ああ、これが異世界効果なんだろうか。感謝。
それでも本質は変わらないのか、おひさまの光降り注ぐ中歩くのはしんどい。何しろ年単位のヒキコモリ生活だったからなぁ。
ユーリは炭焼き小屋の長男が背負っているような大きな箱を背負ってシャキシャキ歩いている。健脚だなぁ…

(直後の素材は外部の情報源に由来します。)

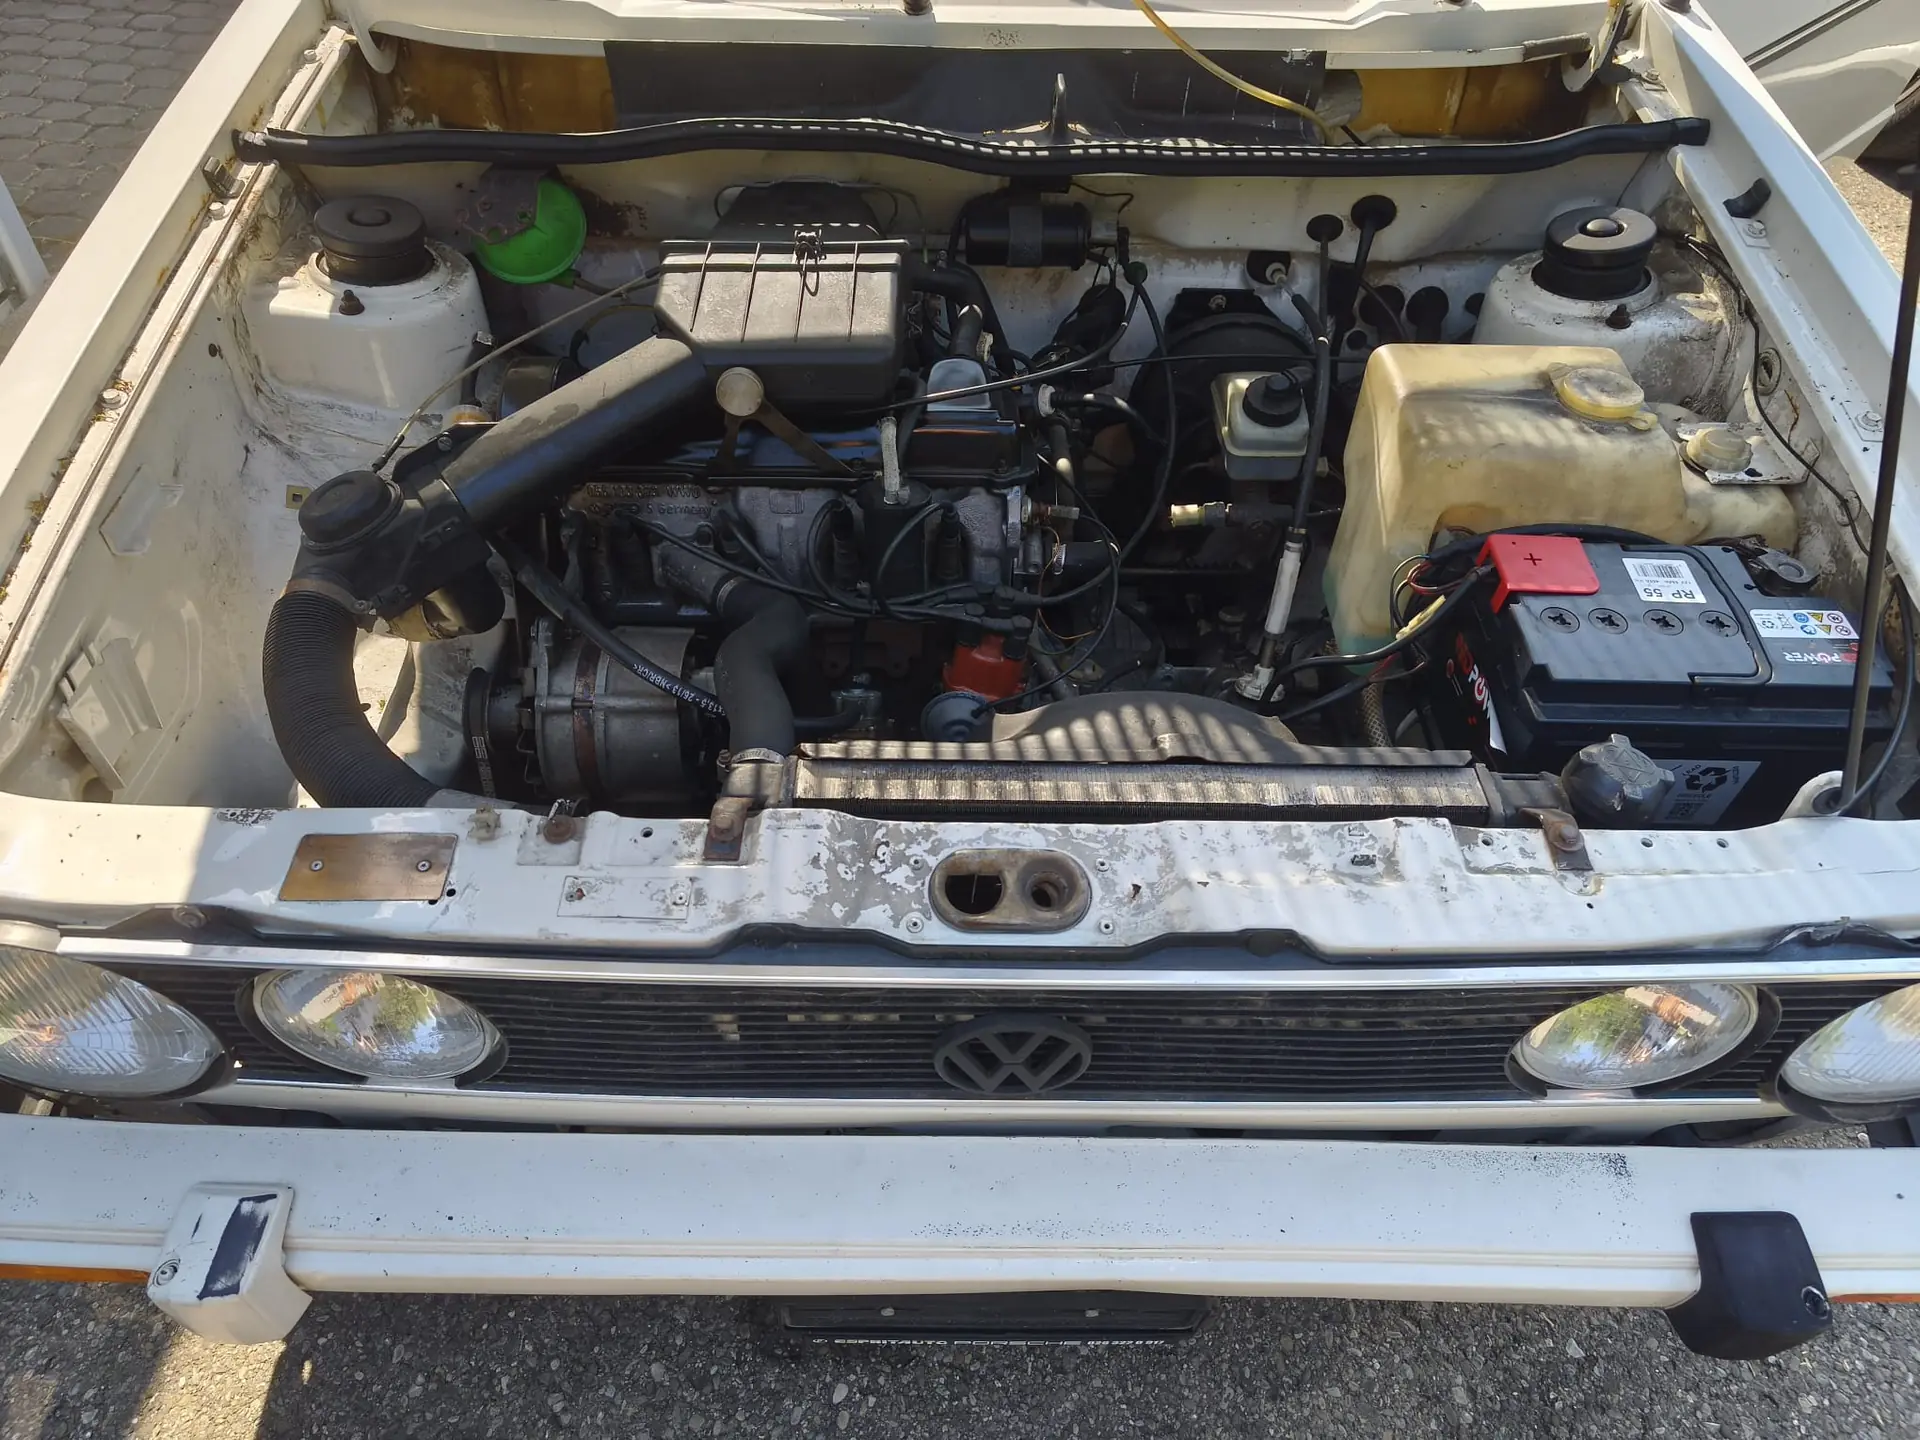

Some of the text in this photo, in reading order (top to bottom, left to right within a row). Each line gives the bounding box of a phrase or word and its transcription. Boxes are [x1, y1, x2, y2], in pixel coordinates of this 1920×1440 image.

それはさておき、てっきり駅前まで歩いて行くくらいの距離感だと思ってたのに。それでさっきのようにユーリに聞いてみたのだが
「なくは無いですが、あなたの剣の試し斬りの旅でもあるのです、乗り物では斬っても良さげな相手と遭遇することもないでしょう?」
「なるほどそうか。それでどれくらい掛かるんだ? その…西の街の…ナントカは」
「サージエンスです。大体3日くらいですかね」
「3日⁈ そんなに⁈」
サージエンス、遠すぎないか?
「この世界のマップ感は大体そんなもんです。人口密集地どうしの距離感が徒歩だと数日単位ですからね」
「マジか。広いなこの世界」
「そうそう、昨夜話しそびれたことがありまして、途中少し寄り道をしたいのですが、よろしいですか? 仲間と合流します」
「仲間? ユーリ一人旅じゃなかったの?」
「いえ、やはりこの世界、一人で生きていくのは厳しいのでね、仲間とつるんでパーティーを組んでいます。多人数はお嫌いで?」
「そんなことないが…」
と、メルリの方を見ると
「ご主人様がよろしければ。それに大人数のほうが賑やかで楽しそうです」
嬉しそうに言う。
「だってさ。なら決定だ」
「ハハッ、ありがとうございます」
◆
さて、魔物を斬ってみろとユーリに言われたものの。
「…案外いないもんだな…」
何しろこっちの世界へ転生してすぐさまゴブリンとエンカウントだったからな。だもんで石を投げれば魔物に当たるくらいに思ってたんだが。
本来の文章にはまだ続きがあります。